■ **Material for this exercise**:
BEGIN

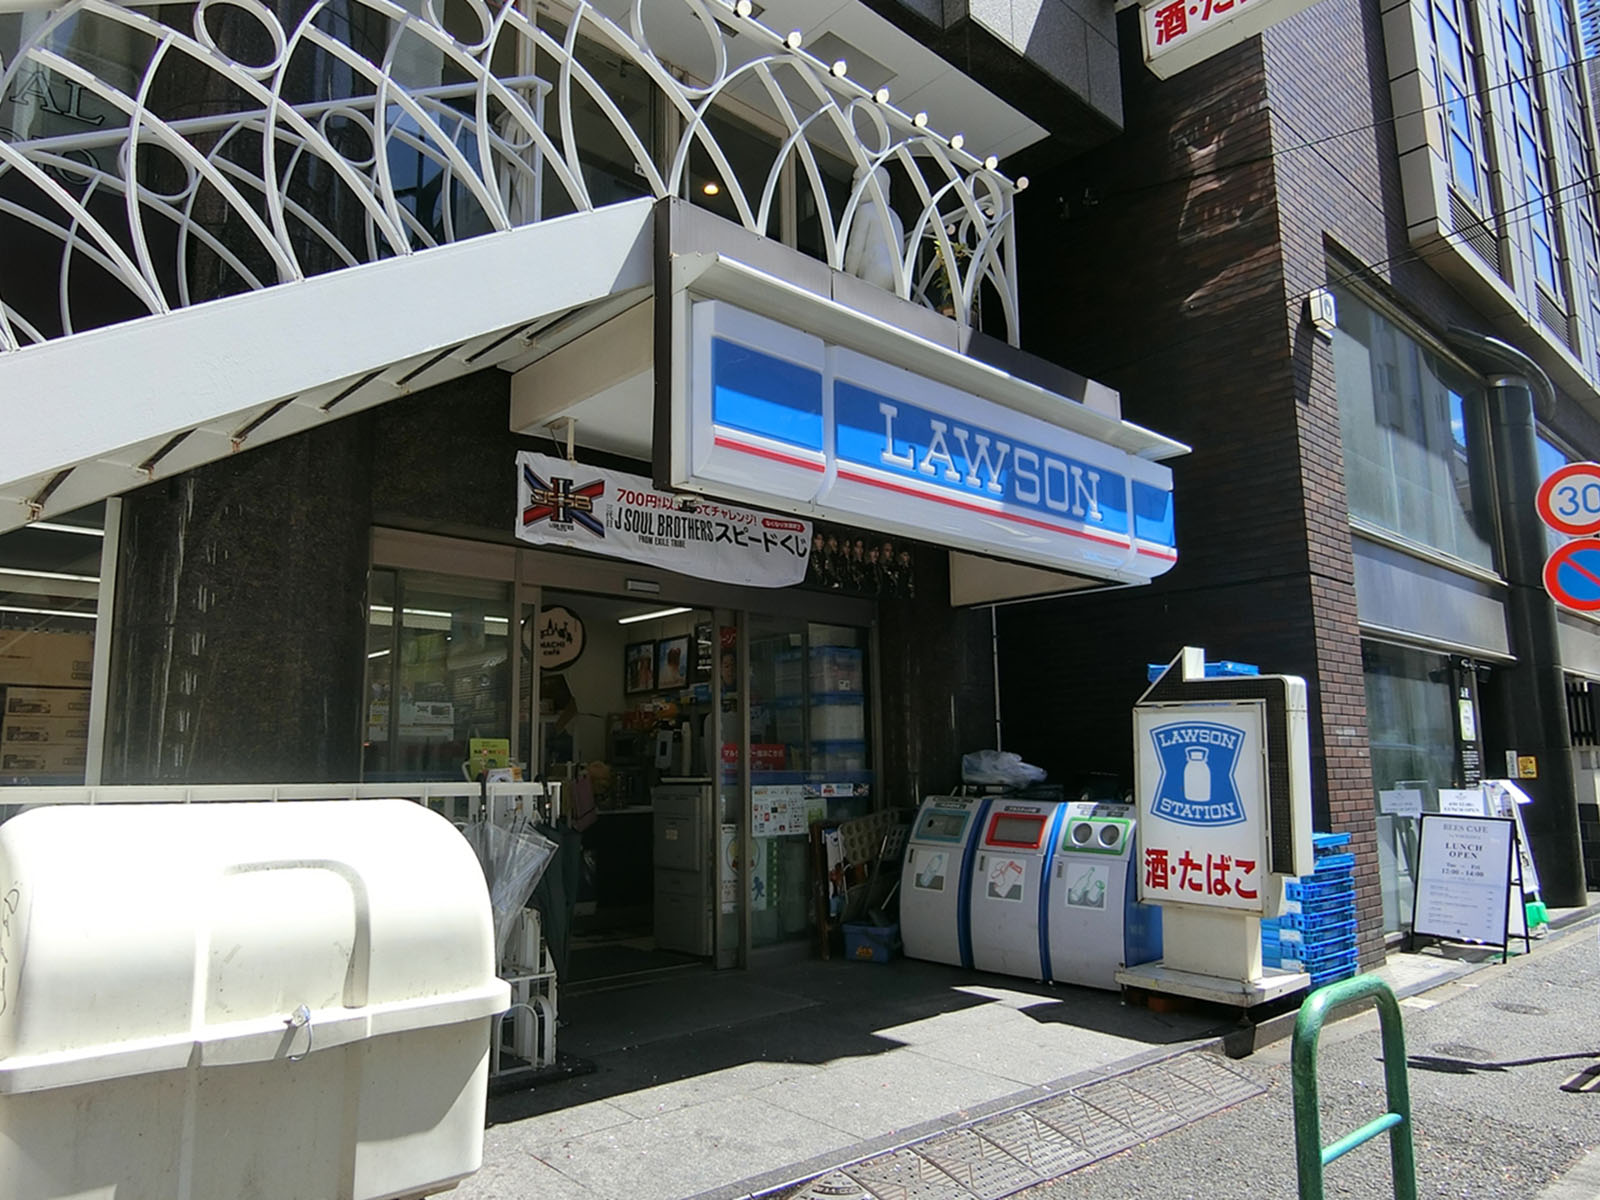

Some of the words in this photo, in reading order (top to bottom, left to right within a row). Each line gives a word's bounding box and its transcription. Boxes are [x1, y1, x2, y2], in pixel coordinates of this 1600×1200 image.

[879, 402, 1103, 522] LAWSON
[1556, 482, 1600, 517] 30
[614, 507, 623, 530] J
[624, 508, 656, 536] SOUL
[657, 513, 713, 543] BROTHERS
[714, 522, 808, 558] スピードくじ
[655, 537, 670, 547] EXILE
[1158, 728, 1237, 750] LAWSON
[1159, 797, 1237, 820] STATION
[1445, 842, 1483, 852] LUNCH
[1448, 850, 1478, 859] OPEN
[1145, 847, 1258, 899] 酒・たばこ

END

■ **Aim of the task**: Reproduce every line above exactly, pictures excluded.

■ **Output for this task**:
Some of the words in this photo, in reading order (top to bottom, left to right within a row). Each line gives a word's bounding box and its transcription. Boxes are [x1, y1, x2, y2], in pixel coordinates of this 1600×1200 image.

[879, 402, 1103, 522] LAWSON
[1556, 482, 1600, 517] 30
[614, 507, 623, 530] J
[624, 508, 656, 536] SOUL
[657, 513, 713, 543] BROTHERS
[714, 522, 808, 558] スピードくじ
[655, 537, 670, 547] EXILE
[1158, 728, 1237, 750] LAWSON
[1159, 797, 1237, 820] STATION
[1445, 842, 1483, 852] LUNCH
[1448, 850, 1478, 859] OPEN
[1145, 847, 1258, 899] 酒・たばこ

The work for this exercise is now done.